**What is required**
Each record must be returned exactly, apart from the pictures, which stay out.

**Provided information**
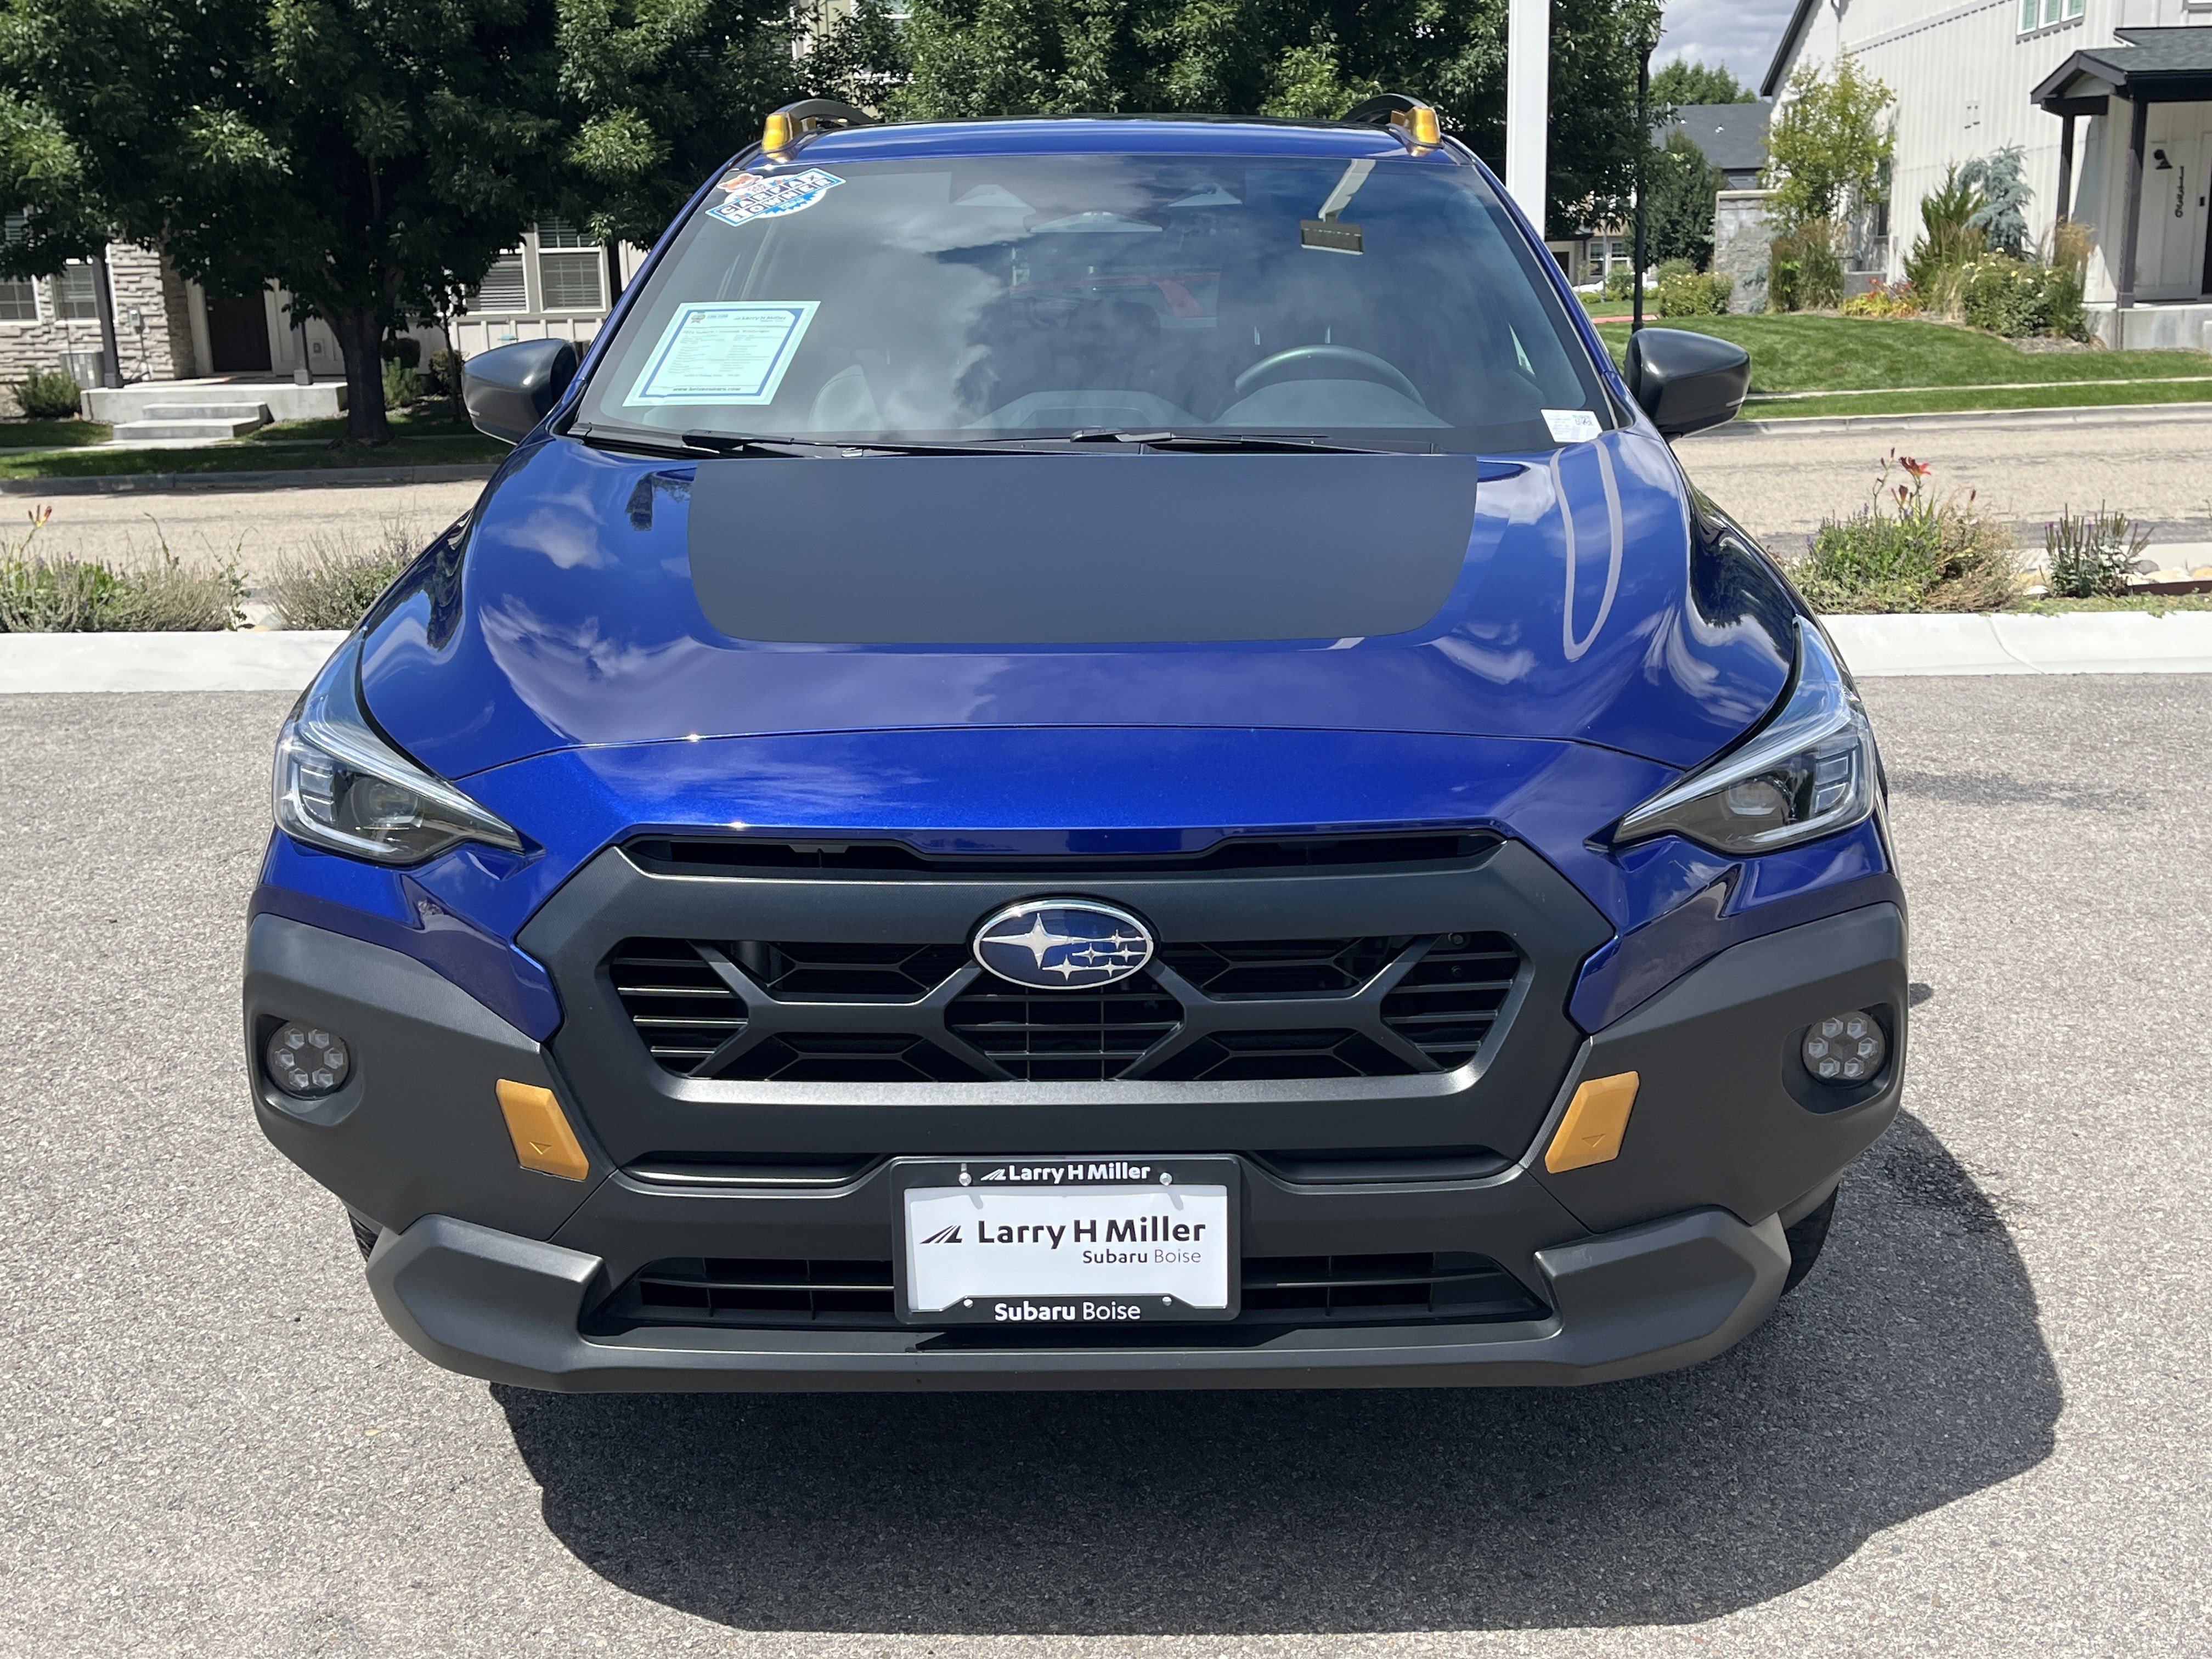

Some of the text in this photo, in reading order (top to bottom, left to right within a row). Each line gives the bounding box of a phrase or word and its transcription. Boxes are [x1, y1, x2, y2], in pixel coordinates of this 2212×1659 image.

[745, 178, 833, 213] OWNER
[1009, 1162, 1150, 1184] Larry H Miller
[978, 1216, 1206, 1250] Larry H Miller
[1082, 1248, 1201, 1264] Subaru Boise
[995, 1300, 1141, 1321] Subaru Boise
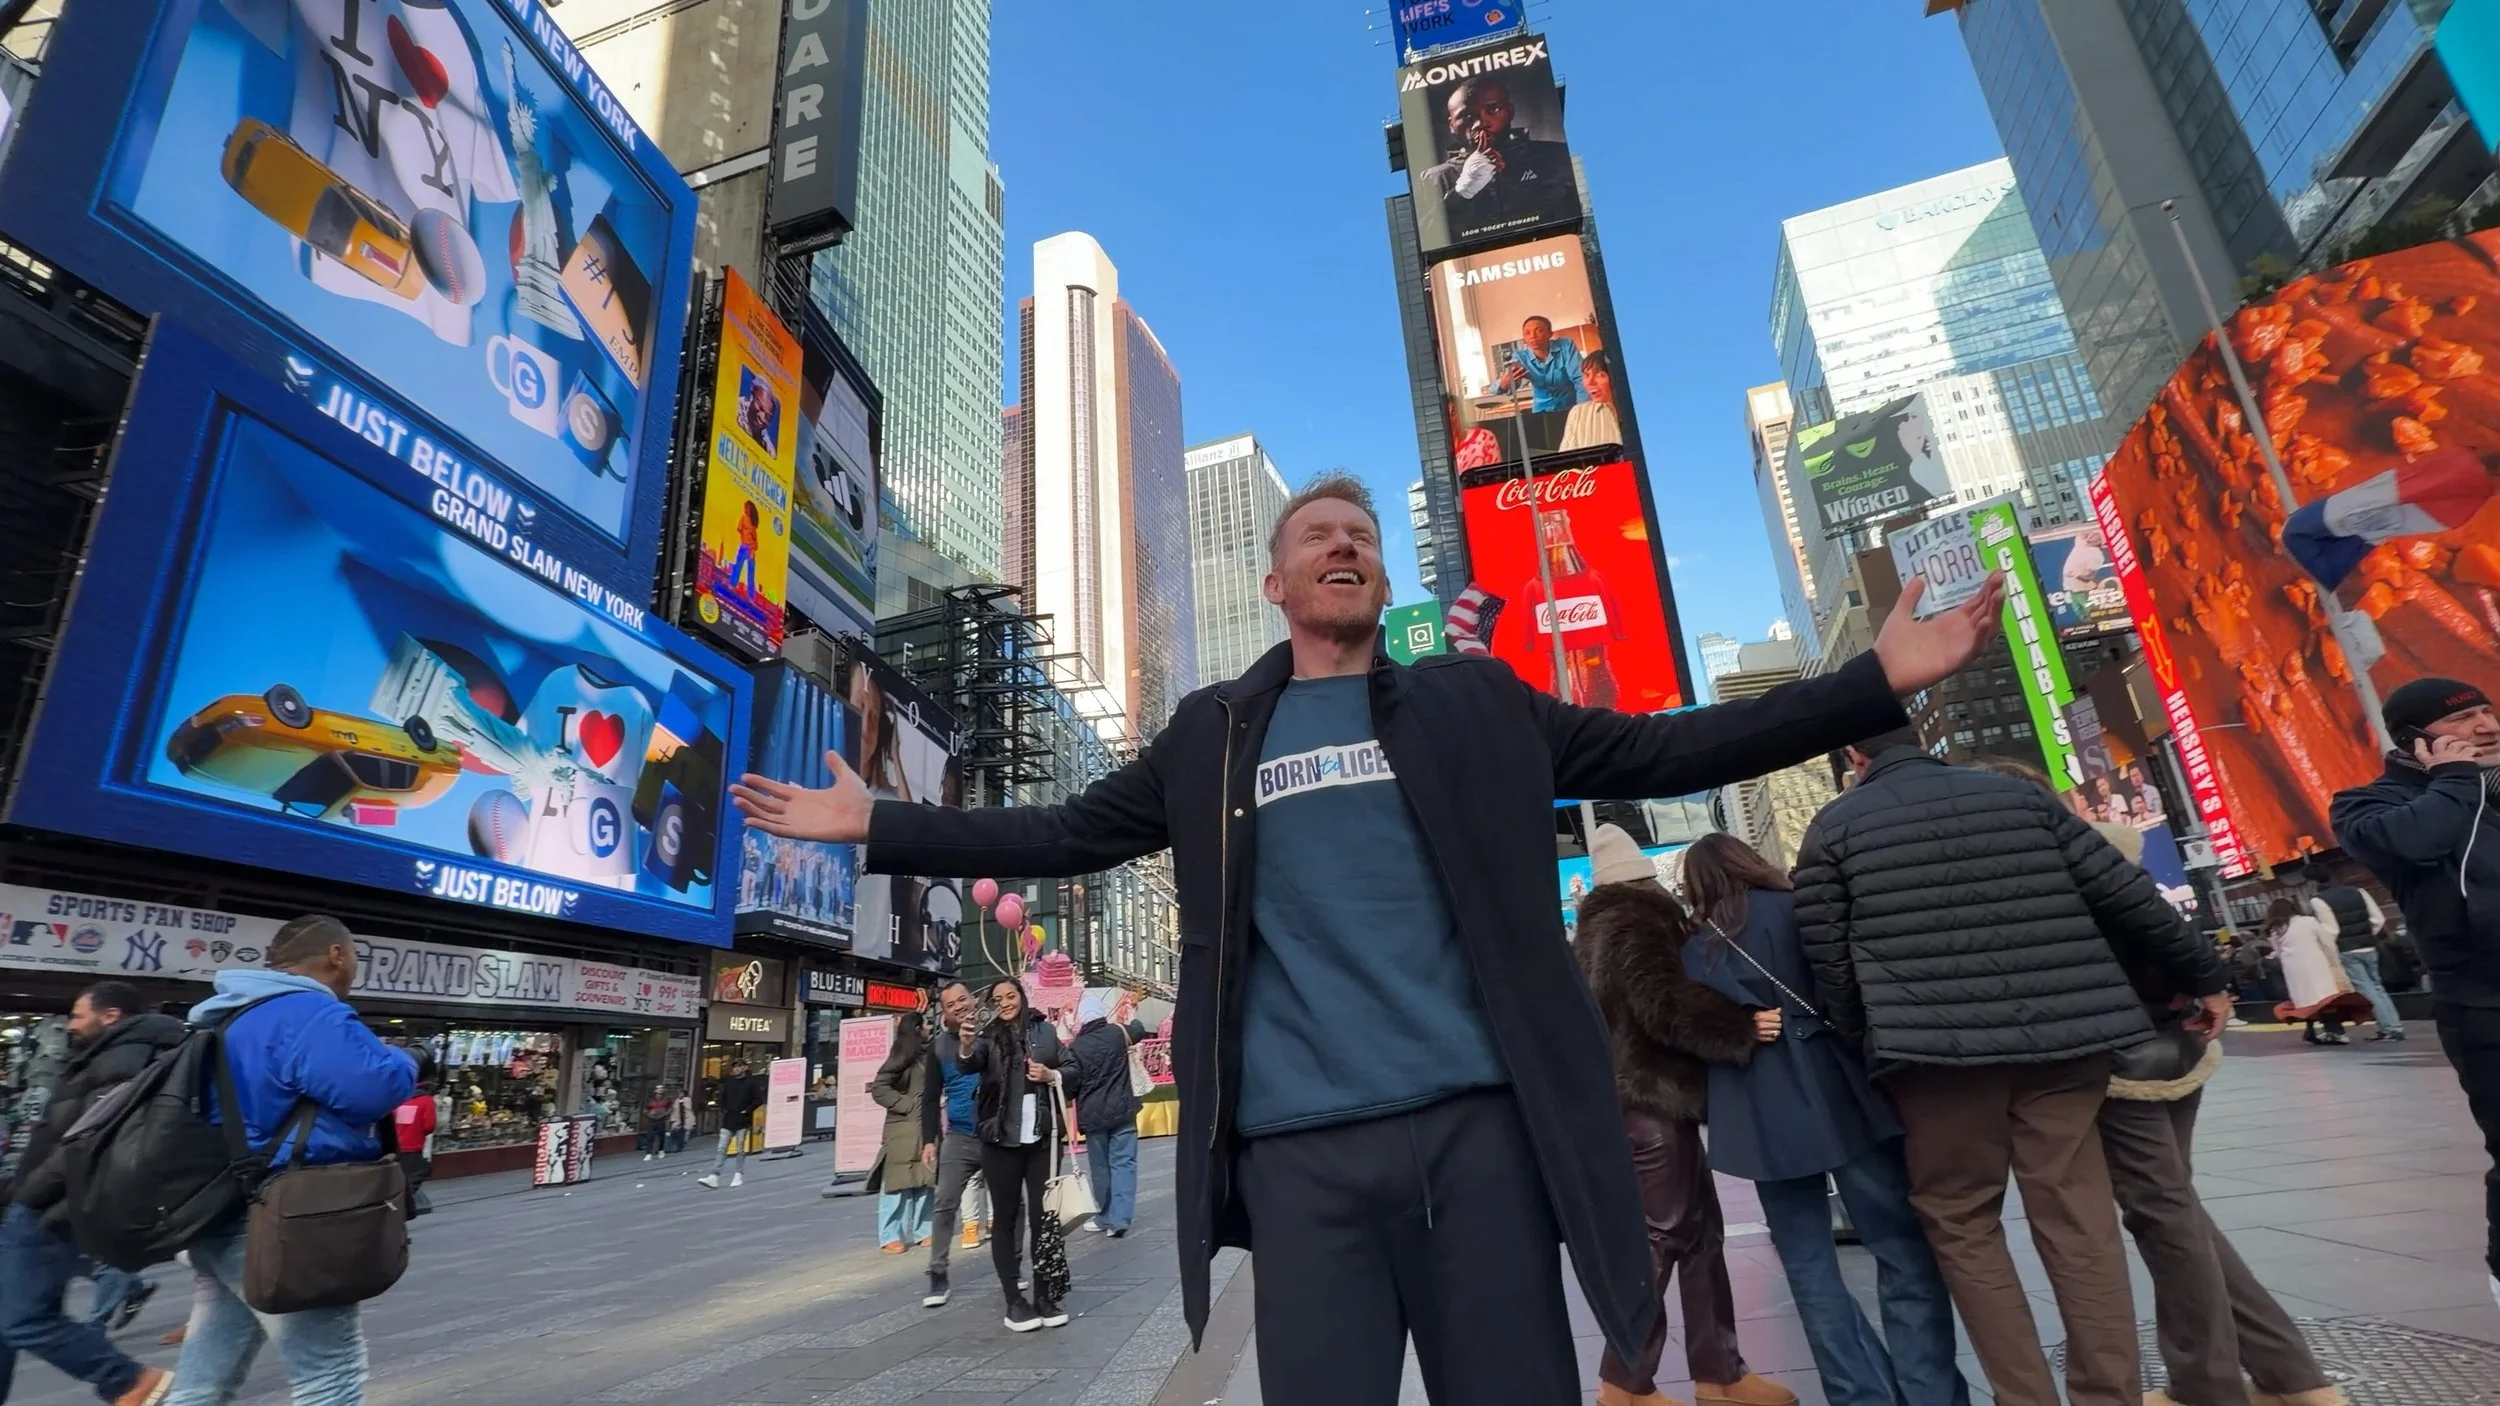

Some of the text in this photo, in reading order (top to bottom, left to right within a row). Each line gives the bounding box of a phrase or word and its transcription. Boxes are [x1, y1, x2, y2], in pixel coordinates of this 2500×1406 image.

**Answer**
Some of the text in this photo, in reading order (top to bottom, left to right within a row). Each line gives the bounding box of a phrase or word and its transcription. Boxes are [x1, y1, x2, y2], in pixel coordinates of this 2212×1659 image.

[745, 178, 833, 213] OWNER
[1009, 1162, 1150, 1184] Larry H Miller
[978, 1216, 1206, 1250] Larry H Miller
[1082, 1248, 1201, 1264] Subaru Boise
[995, 1300, 1141, 1321] Subaru Boise

Some of the text in this photo, in reading order (top to bottom, left to right within a row). Each line gives the bounding box of a phrase or word and its transcription. Boxes are [x1, y1, x2, y2], in pixel coordinates of this 2500×1406 image.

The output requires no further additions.